In 1874, Fr. Patrick Healy, S.J. became president of a small, regional college and preparatory school in the nation’s capital: Georgetown.

According to R. Emmett Curran, an emeritus professor of history at Georgetown and the author of “The Bicentennial History of Georgetown University” – arguably the foremost historian of the university – Healy irreversibly altered the outlook of Georgetown’s leadership.

“Healy had incredibly ambitious goals, not the least of which was constituting this institution as what he would call a `real university,’ bring law and medicine into the broader university and ultimately bringing Georgetown into the modern age of American education,” Curran said. “In a number of ways, he did this.”

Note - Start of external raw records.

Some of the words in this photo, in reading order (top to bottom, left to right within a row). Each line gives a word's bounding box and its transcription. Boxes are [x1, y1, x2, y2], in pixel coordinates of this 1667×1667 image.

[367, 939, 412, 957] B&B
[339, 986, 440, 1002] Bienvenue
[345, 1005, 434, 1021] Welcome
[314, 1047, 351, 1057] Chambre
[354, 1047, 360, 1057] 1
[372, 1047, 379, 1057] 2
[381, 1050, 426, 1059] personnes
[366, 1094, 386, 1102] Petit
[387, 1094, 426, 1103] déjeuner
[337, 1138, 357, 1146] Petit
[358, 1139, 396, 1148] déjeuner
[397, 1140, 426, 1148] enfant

For the first time, the university appropriated funding for the professional schools in law and medicine, modernized the curriculum to include more natural sciences and, most visibly, began construction of [Healy Hall](

But Healy also knew there was a much larger challenge for Georgetown to become everything it aspired to be: dollars and cents. As it approached its hundred-year mark, Georgetown did not have the financial resources to support [Healy’s bold vision](

So Healy set out to do something about it. Curran described his initiative as a massive undertaking in fundraising – the likes of which the university had never seen – including a sea voyage to the West Coast to meet with benefactors across the country.

The stakes were high. The costs of Healy’s programs were mounting, particularly in the construction of Healy Hall, which was vastly exceeding projected costs.

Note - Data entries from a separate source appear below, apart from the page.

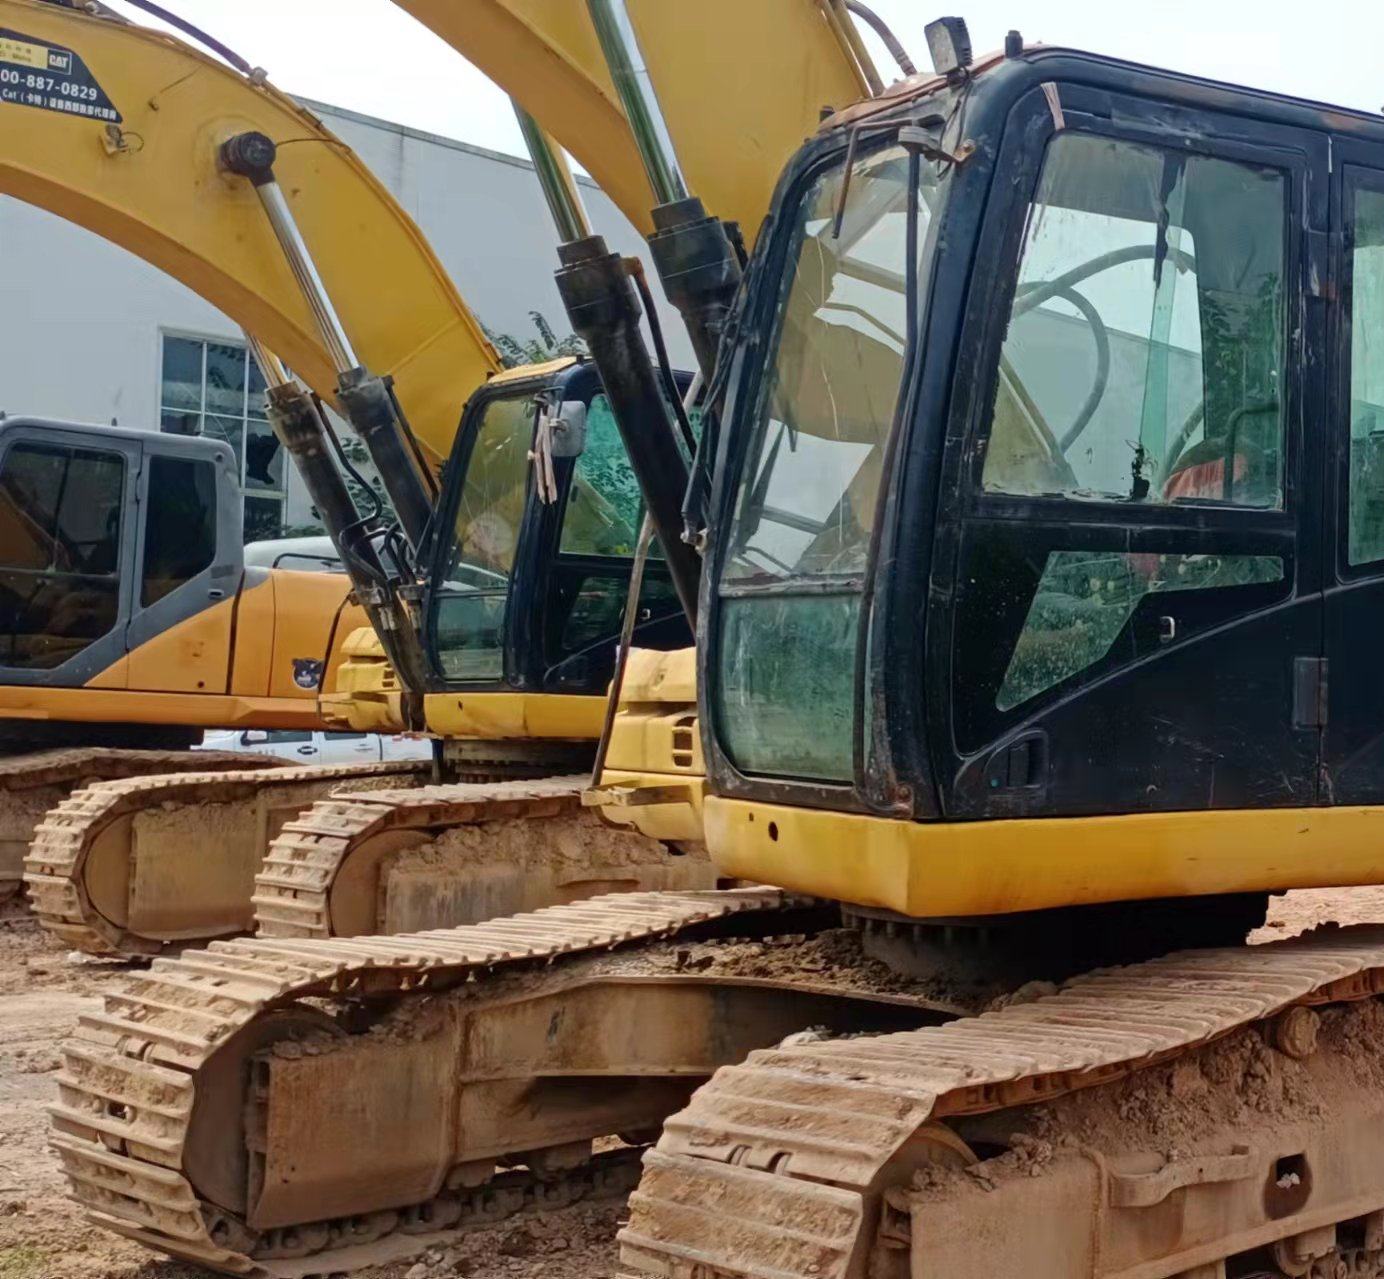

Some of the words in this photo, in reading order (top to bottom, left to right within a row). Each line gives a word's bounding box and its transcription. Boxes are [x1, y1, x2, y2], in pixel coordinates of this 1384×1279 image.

[49, 54, 68, 68] CAT
[0, 69, 97, 100] 00-887-0829
[2, 88, 17, 99] Cat
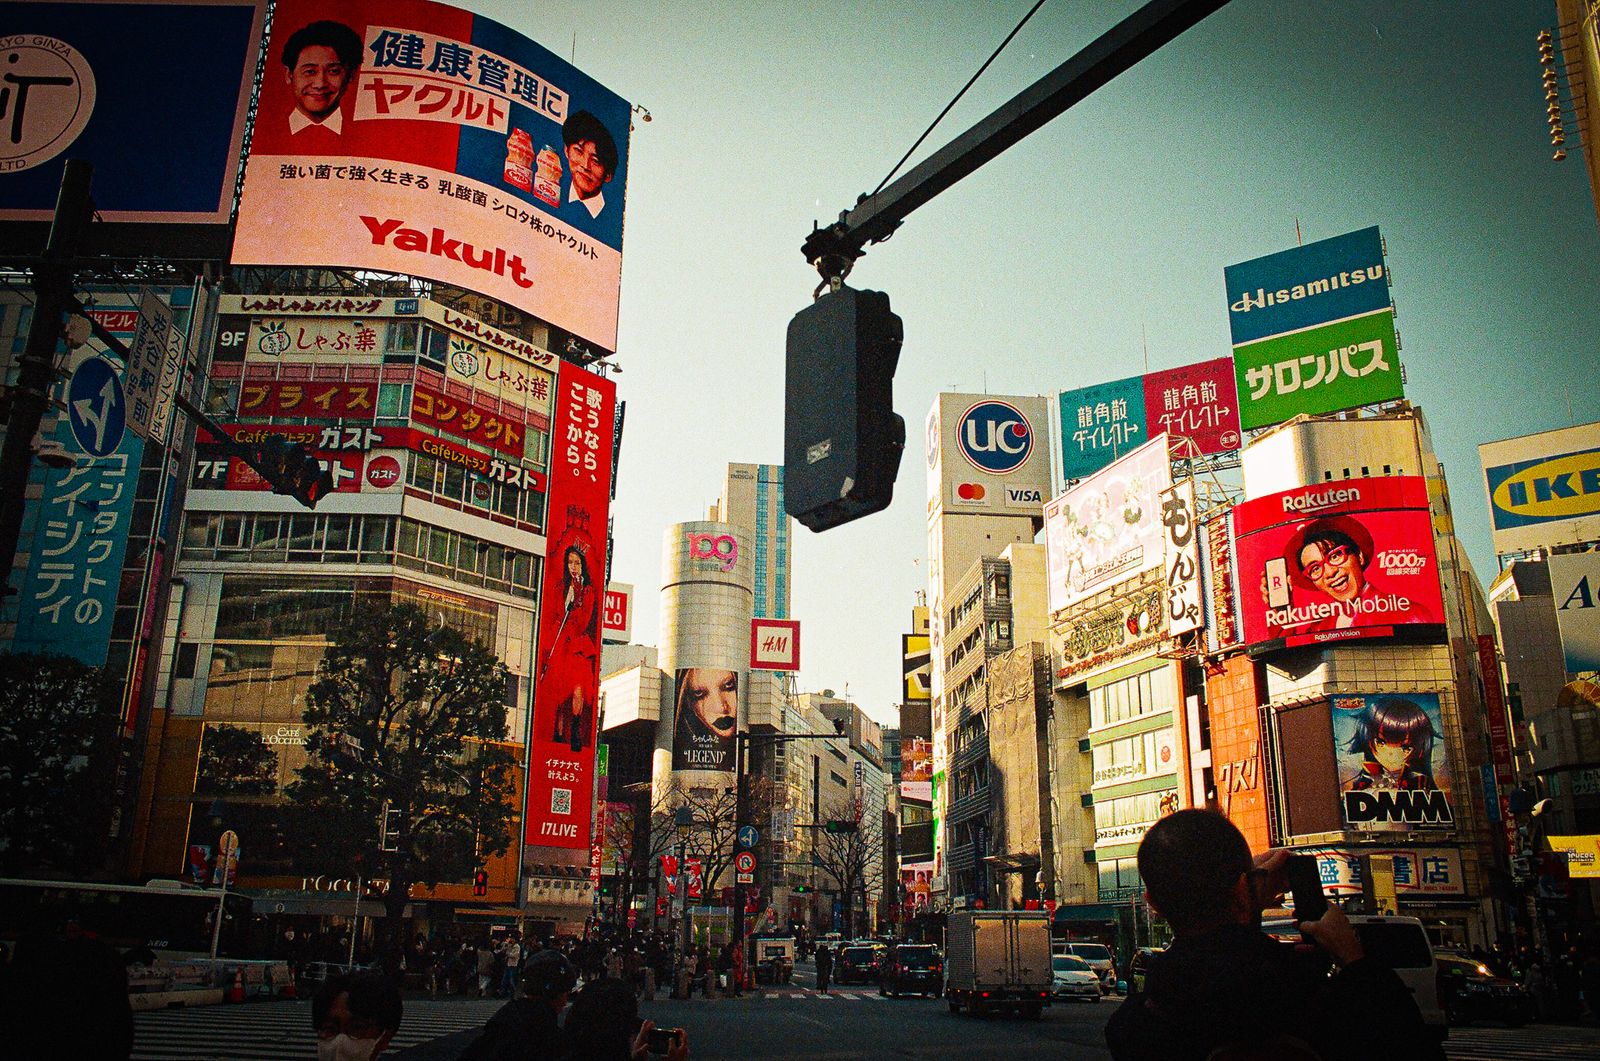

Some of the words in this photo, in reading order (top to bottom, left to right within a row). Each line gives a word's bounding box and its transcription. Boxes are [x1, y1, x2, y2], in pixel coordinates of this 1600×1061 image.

[32, 36, 72, 58] GINZA
[370, 29, 564, 118] 健康管理に
[362, 79, 505, 126] ヤクルト
[279, 163, 430, 191] 強い菌で強く生きる
[438, 180, 489, 210] 乳酸菌
[491, 197, 600, 262] シロタ株のヤクルト
[359, 214, 535, 290] Yakult
[1230, 264, 1383, 313] Hisamitsu
[240, 296, 383, 314] しゃぶしゃぶバイキング
[220, 331, 246, 348] 9F
[296, 327, 377, 353] しゃぶ葉
[443, 309, 555, 365] しゃぶしゃぶバイキング
[484, 356, 550, 401] しゃぶ葉
[1244, 338, 1390, 402] サロンパス
[244, 384, 373, 411] プライス
[1163, 380, 1218, 411] 龍角散
[413, 390, 521, 447] コンタクト
[1076, 397, 1128, 429] 龍角散
[1158, 404, 1231, 435] ダイレクト
[319, 426, 384, 450] ガスト
[566, 381, 585, 478] ここから。
[583, 387, 603, 483] 歌うなら、
[1072, 421, 1139, 452] ダイレクト
[197, 460, 229, 480] 7F
[370, 469, 398, 480] ガスト
[489, 458, 538, 491] ガスト
[1007, 489, 1042, 502] VISA
[1282, 486, 1361, 513] Rakuten
[35, 454, 97, 624] アイシティ
[75, 452, 129, 625] コンタクトの
[685, 532, 739, 572] 109
[1162, 488, 1200, 626] もんじゃ
[1266, 602, 1342, 629] Rakuten
[1346, 594, 1411, 615] Mobile
[761, 635, 788, 654] H&M
[1314, 631, 1340, 641] Rakuten
[1340, 630, 1361, 638] Vision
[545, 758, 583, 772] イチナナで、
[1344, 789, 1454, 824] DMM
[540, 821, 578, 838] 17LIVE

“I have been borrowing right & left since you went away,” wrote Fr. John Mullaly, S.J., vice president of the university in 1879, to Healy during his expedition. “There is a good deal more to be done yet. Oh for the money to do it!”

The results of Healy’s fundraising campaign, despite his best efforts, were underwhelming.

“He only raised around $50,000, while Healy [Hall] itself cost over $400,000 at the time,” Curran said. “Outside of a few benefactors, [Healy] received virtually nothing.”

When Healy, plagued by poor health, resigned in 1882, he left his successor, Fr. James Doonan, S.J., with a university-wide debt of more than $300,000. Doonan sold two large pieces of university-owned land, a villa in Tenleytown and a farm on Hickory Hill, an area near present-day Glover Park.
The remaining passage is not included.